# PROBLEM LINK:

Practice

Contest: Division 1

Contest: Division 2

Contest: Division 3

Contest: Division 4

* Author:* Akshat Anil Jain

*Tejas Pandey*

**Tester:***Nishank Suresh*

**Editorialist:**# DIFFICULTY:

1912

# PREREQUISITES:

None

# PROBLEM:

Given an array A containing N distinct integers ranging from 1 to 2N, perform the following operation exactly K times:

- Choose some 1 \leq x \leq 2N such that x \notin A, append x to A, and add \max(A) - x to your score

What is the maximum possible final score?

# EXPLANATION:

Let’s look at how the score changes when we add a new element x to A. There are two cases:

- If x \lt \max(A), then we get \max(A) - x added to the score
- Otherwise, we must have x = \max(A), in which case we add 0 to the score.

Ideally, we’d like as many operations of the first type as possible, since they’re profitable. Note that the score of the first operation is maximized when x is as small as possible and \max(A) is as large as possible.

This gives us a strategy. Let M denote the initial maximum of A, before any operations are done.
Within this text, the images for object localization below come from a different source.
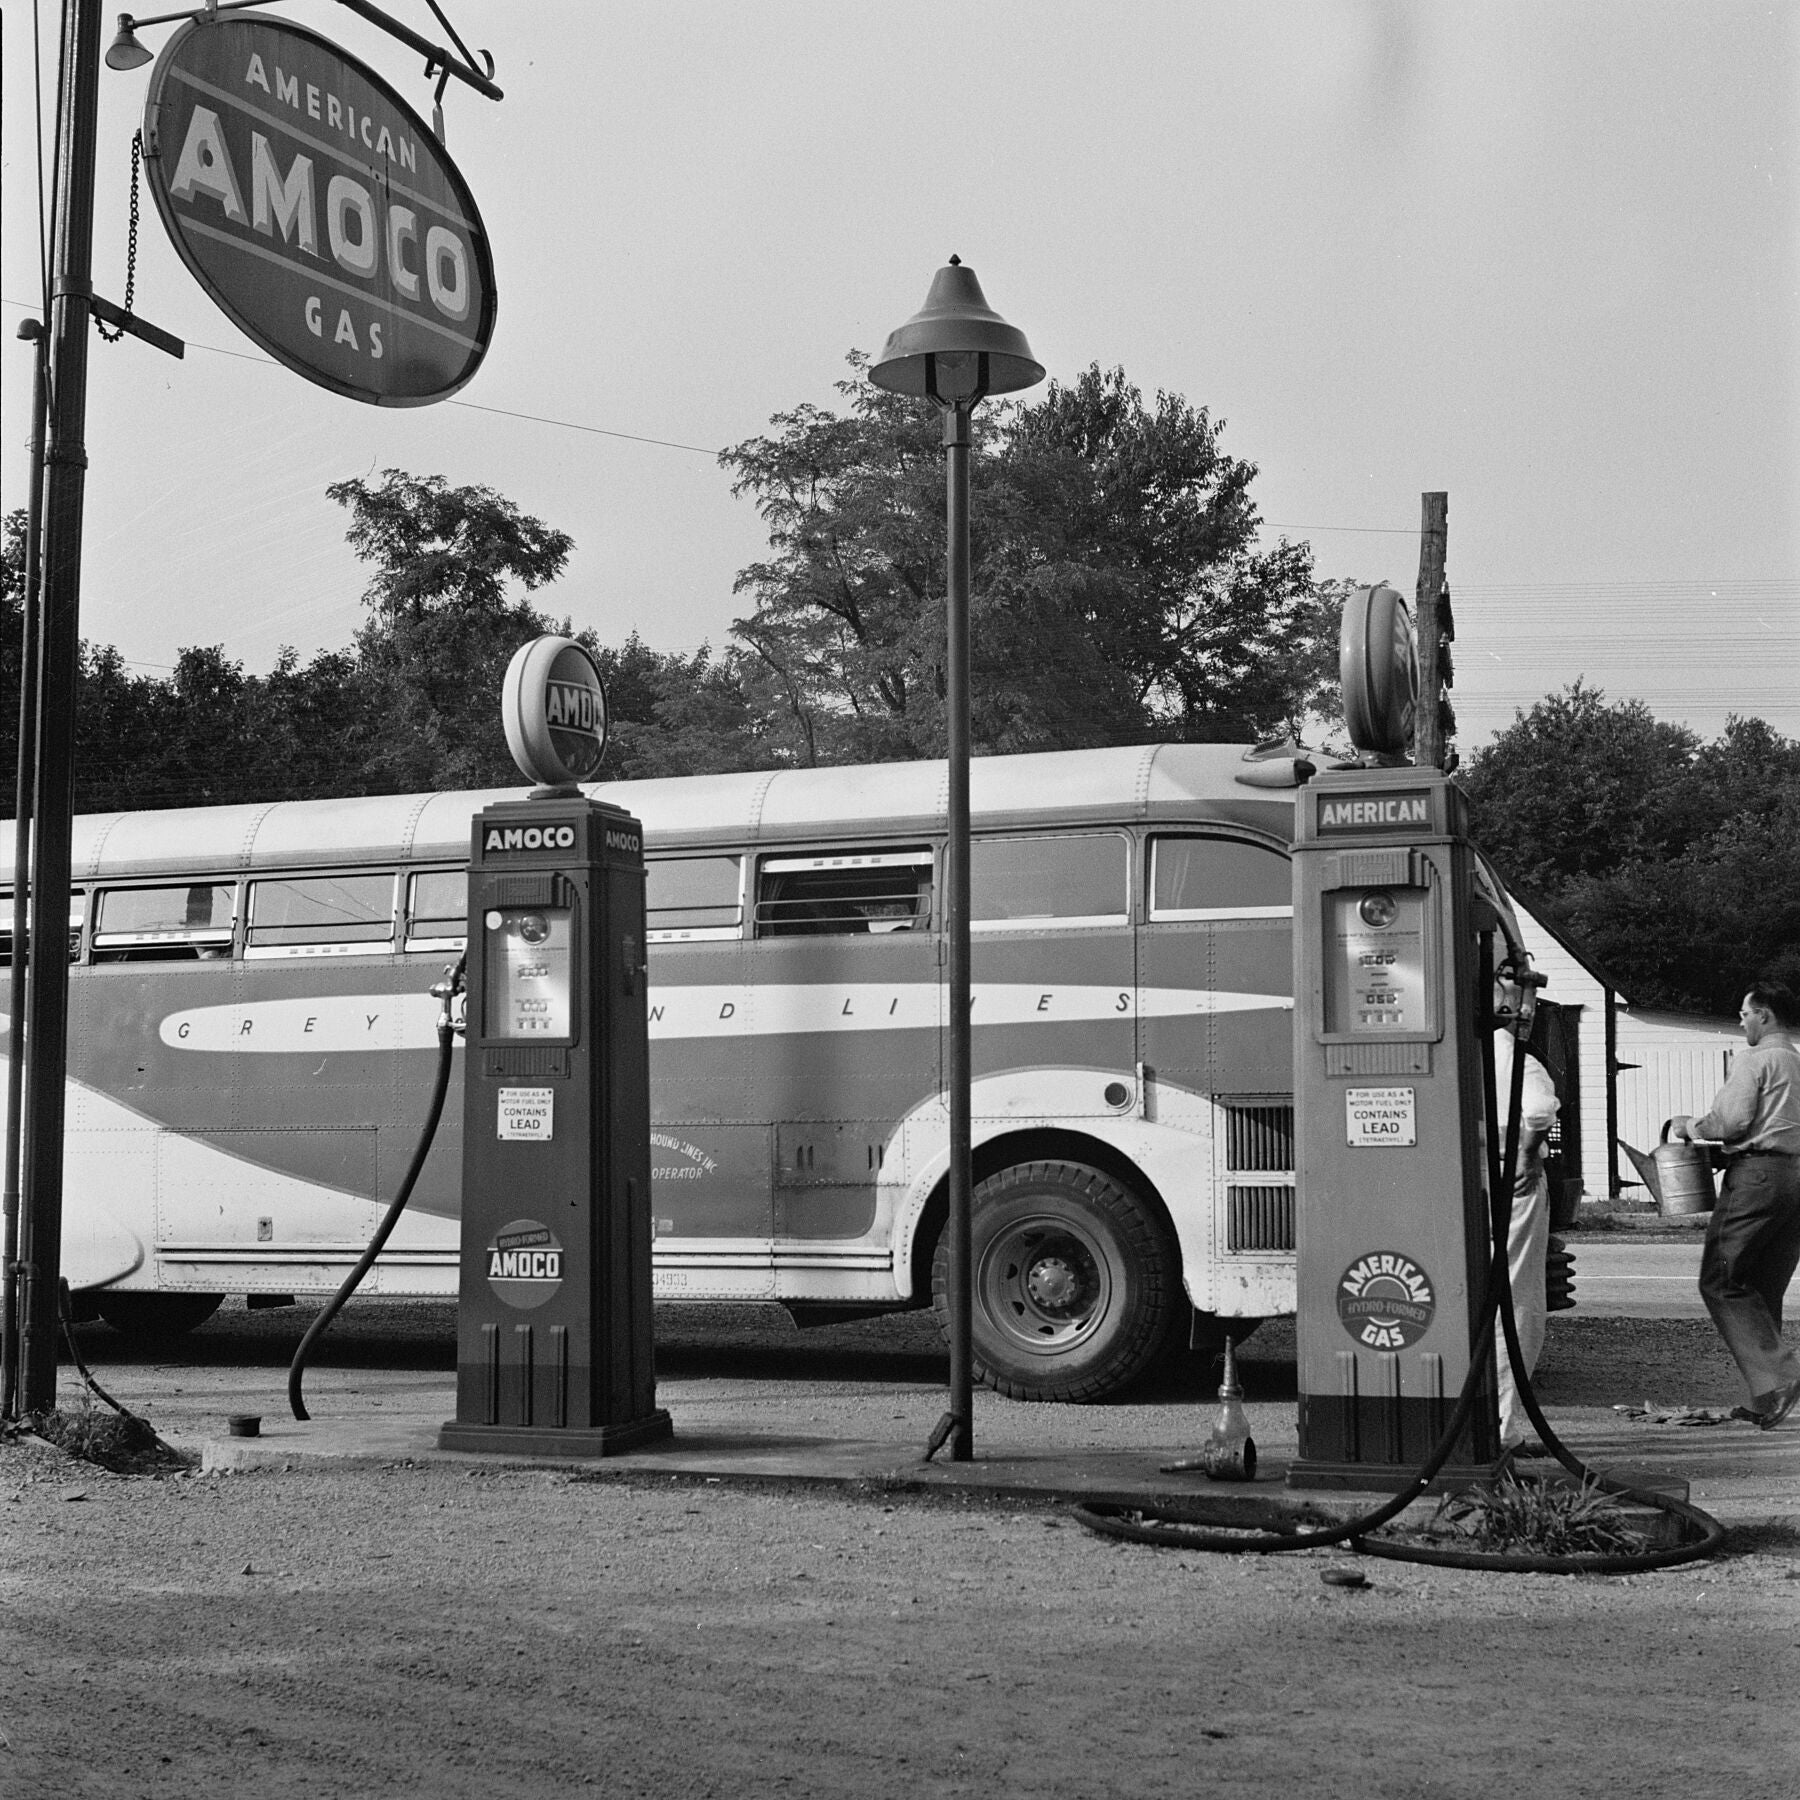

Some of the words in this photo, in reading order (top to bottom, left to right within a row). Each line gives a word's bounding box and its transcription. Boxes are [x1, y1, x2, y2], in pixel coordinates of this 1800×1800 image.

[245, 52, 417, 174] AMERICAN
[169, 104, 470, 323] AMOCO
[304, 296, 385, 359] GAS
[1322, 799, 1427, 825] AMERICAN
[485, 826, 574, 850] AMOCO
[606, 830, 639, 852] AMOCO
[842, 993, 1131, 1016] LIES
[504, 1108, 547, 1116] CONTAINS
[1354, 1110, 1407, 1119] CONTAINS
[510, 1119, 541, 1129] LEAD
[1362, 1123, 1400, 1134] LEAD
[650, 1133, 680, 1150] HOUND
[680, 1141, 704, 1162] LINES
[651, 1167, 703, 1179] OPERATOR
[489, 1252, 559, 1277] AMOCO
[1342, 1254, 1431, 1302] AMERICAN
[1361, 1324, 1405, 1347] GAS
- Suppose we add K elements that do not change the maximum, i.e, they are all \lt M. Then, of course we choose the smallest K elements to insert.
- Suppose we add some element that does change the maximum.
- It’s optimal to add this element first so that all later operations have a higher score.
- It’s optimal to add as large a maximum as possible, so let’s just choose 2N to add in the first move
- The other K-1 elements then should be chosen to be as small as possible to maximize the score, so choose the K-1 smallest remaining elements

The answer is the maximum of both cases. Each one’s score can be computed in \mathcal{O}(N), giving us a linear time solution.
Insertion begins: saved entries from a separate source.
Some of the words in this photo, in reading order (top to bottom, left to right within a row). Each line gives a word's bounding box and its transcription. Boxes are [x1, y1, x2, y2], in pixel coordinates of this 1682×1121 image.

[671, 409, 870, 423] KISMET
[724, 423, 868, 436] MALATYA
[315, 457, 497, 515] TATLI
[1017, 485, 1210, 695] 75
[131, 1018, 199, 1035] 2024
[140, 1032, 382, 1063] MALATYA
Note that we need to be able to quickly find the sum of the K smallest elements that are not in A. This can be done by maintaining a `mark`

array that denotes which elements are already in A, then iterating across it from 1 to 2N and adding i to the sum if `mark[i] == 0`

.

# TIME COMPLEXITY

\mathcal{O}(N) per test case.

# CODE:

## Tester's code (C++)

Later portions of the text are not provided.